The accepted file types for the supplement are: Jupyter notebooks (.ipynb), and R files (.R). You do not need to upload datasets, you can link directly to the Github provided or, given that you have included an appropriate process for cleaning, the filenames from the original datasets.

Bibliography: You should include a short bibliography (APA style recommended). All items   in the bibliography should be appropriately referenced/cited within the text. The data sources used should be part of the bibliography.

Formatting:

-     Font size: minimum 11pt in headings and the main text; minimum 8pt in captions, figures, tables, and footnotes;

-     Font type: Arial or other similar sans serif font. Do not use Arial Narrow or other fonts with compressed kerning. Do not use multiple font types unless necessary.

-    Spacing: 1.5 spacing

-     Footnotes: use them only when necessary. File format(s):

-    Submit your report including the appendix as a single PDF file.

-    Submit your supplement containing your R code as a single .R file or .ipynb.

3.   Marking Criteria

The marking criteria below will be used. The marks will be scaled to each section with the relevant parts of the criteria applied to each.

-    The final mark for the report will be given on a scale of 0 to 100.

-     For the modelling section, failure to use exactly one approach from each list as instructed in 2.2.3 will result on a penalty of 10 points.

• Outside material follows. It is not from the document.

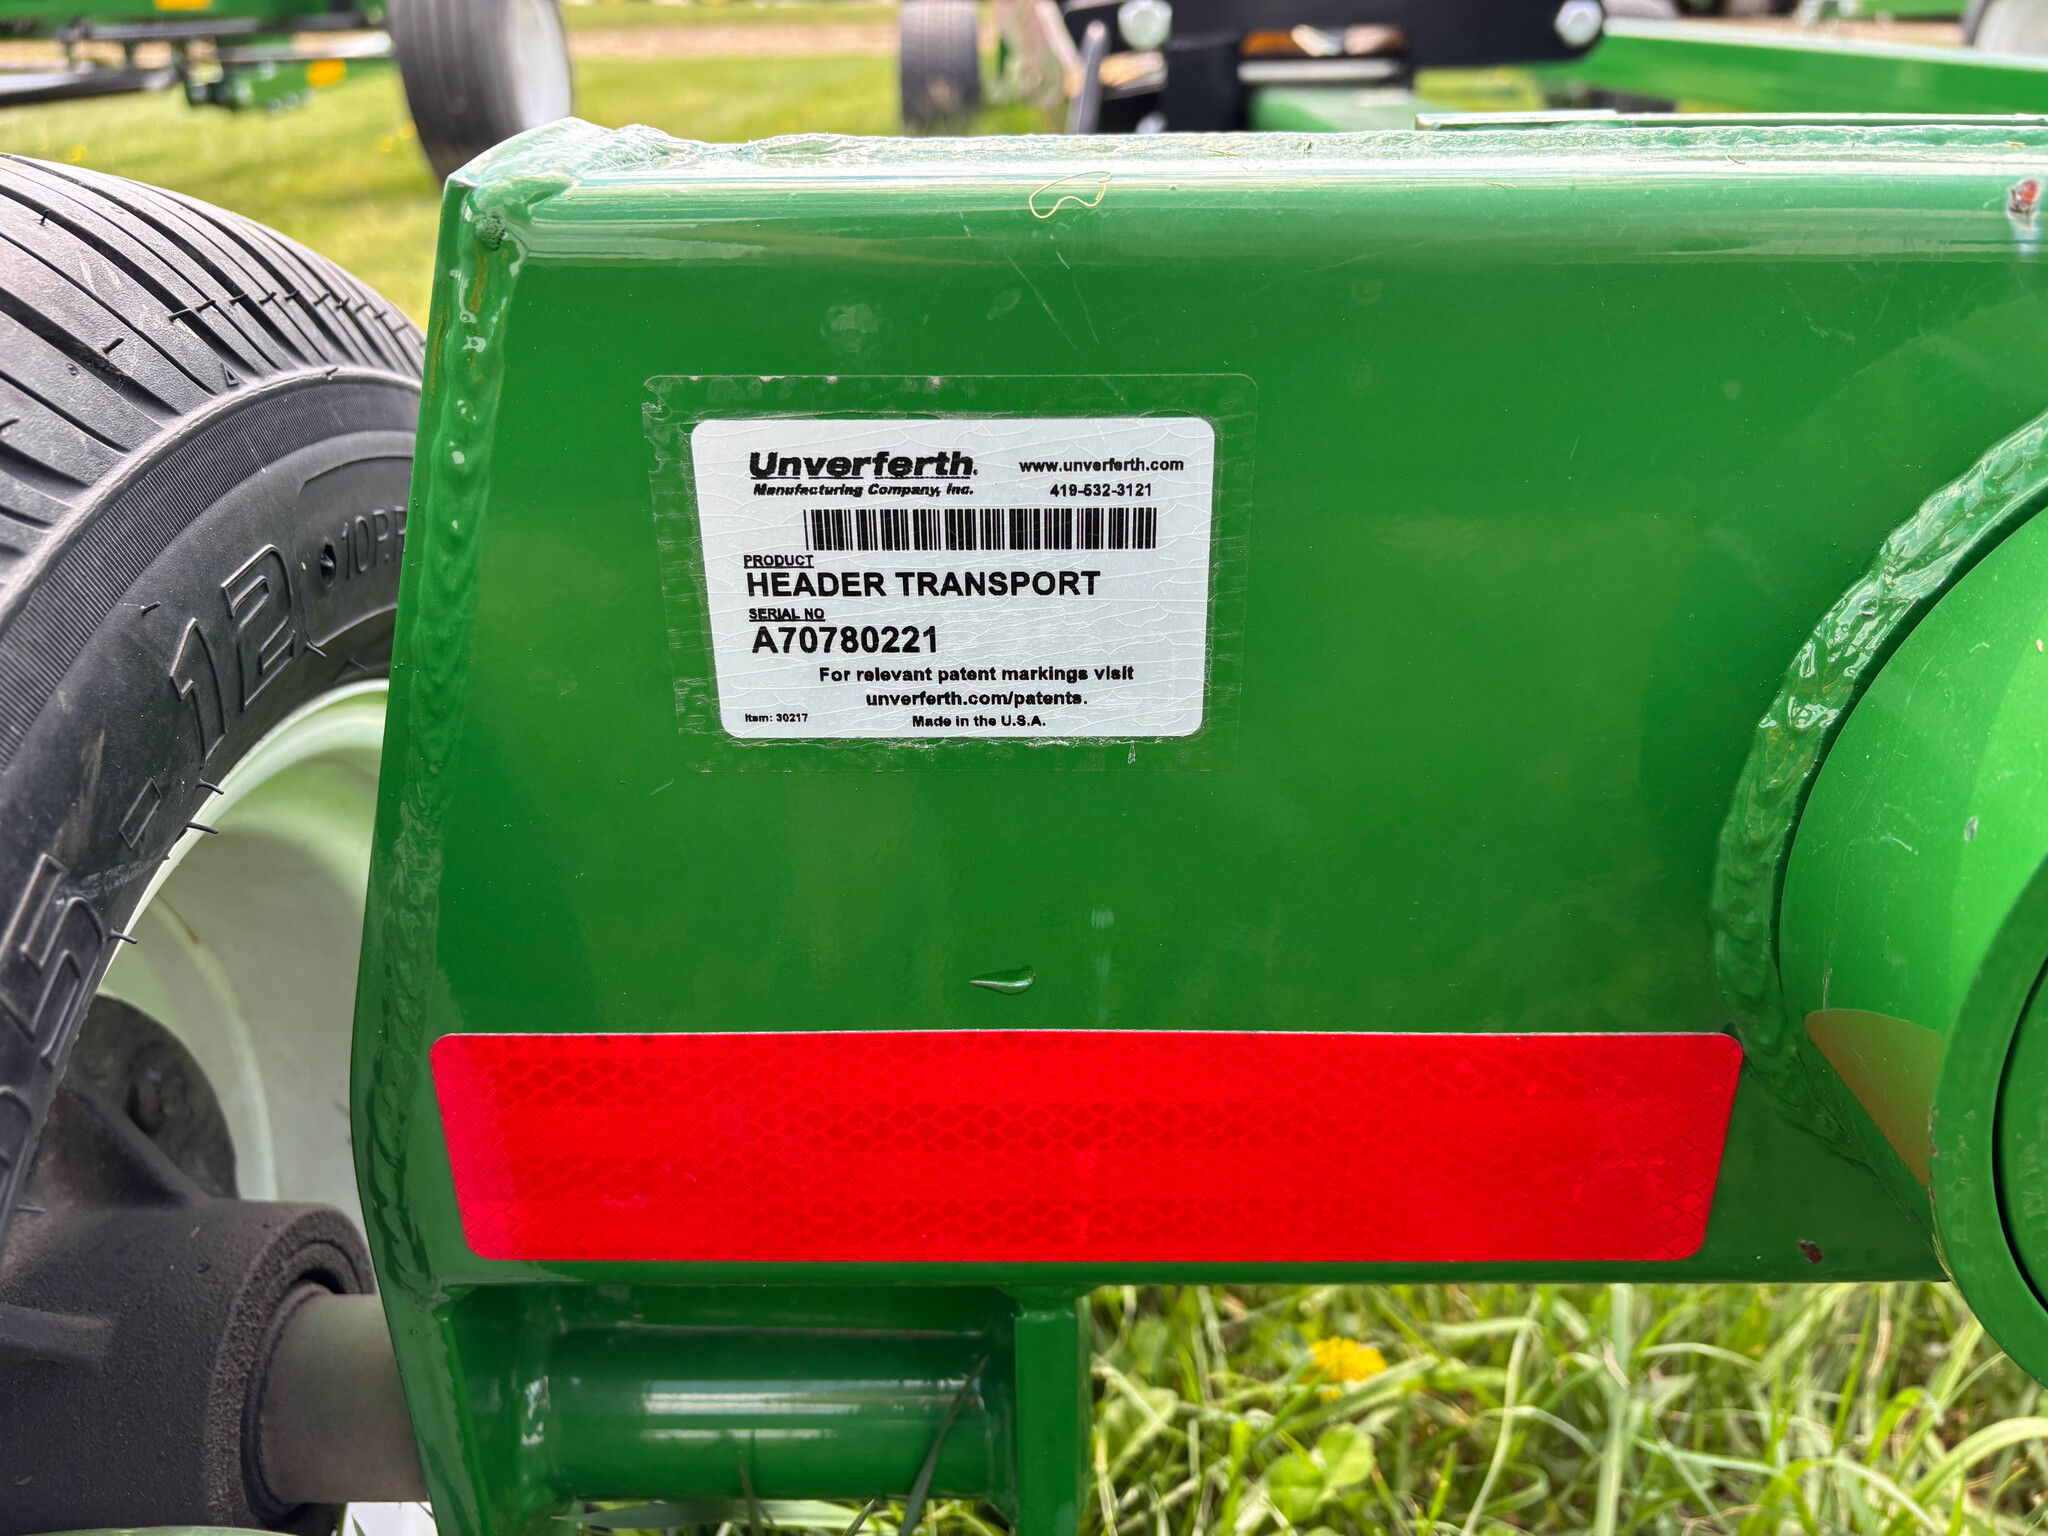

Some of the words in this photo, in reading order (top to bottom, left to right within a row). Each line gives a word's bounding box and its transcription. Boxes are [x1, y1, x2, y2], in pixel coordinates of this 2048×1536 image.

-     Marks in the range 80- 100 are reserved for exceptional work.

Mark

Criteria

80-100

The report is exemplary, providing clear evidence of a complete grasp of both the statistical methods employed, and their interpretation in the given context. The report is exceptionally well-designed, concisely offering relevant information and strong commentary at all points. The English used is faultless.

70-79

The report is excellent, providing strong evidence of a complete grasp of the machine learning techniques employed, along with a thorough understanding of how to interpret them in the given context. The report is very well-designed, frequently offering relevant  information and strong commentary. The English used is very strong.

60-69

The report is good, providing evidence of a strong grasp of the statistical methods employed, along with some understanding of how to interpret them in the given context. The report is well-designed, offering relevant information and satisfactory commentary.

The English used is good.

50-59

The report is acceptable, and provides evidence of a reasonable grasp of the machine    learning techniques employed, although with limited evidence of an ability to interpret them in context. The report is acceptable in design, though some information is not relevant, or is inappropriately placed. There are some flaws in the English used.

40-49

The report contains insufficient evidence of a reasonable grasp of the machine learning  techniques employed, although there is some evidence present. The context of the data is under-served or presented inaccurately. The report is flawed in design, with limited examples of relevant information. The English used is flawed, and sometimes poor.

30-39

The report is unacceptable, containing little evidence of a reasonable grasp of the machine learning techniques employed. The context of the data is under-served or presented inaccurately. The report is badly flawed in design, difficult to read and with limited examples of relevant information and numerous errors. The English used is often poor.

20-29

The report is unacceptable, containing little evidence of a reasonable grasp of the machine learning techniques employed. The context of the data is ignored or presented  with major errors. The report is extremely badly flawed in design, extremely difficult to   read and with almost no examples of relevant information and numerous serious errors. The English used is very poor.

0-19

The report is completely unacceptable, containing no evidence of any grasp of the machine learning techniques employed. The context of the data is ignored or presented without any accuracy. The report is exceptionally badly flawed in design, almost impossible to read and with no examples of relevant information, and with numerous serious errors. The English used is essentially unreadable.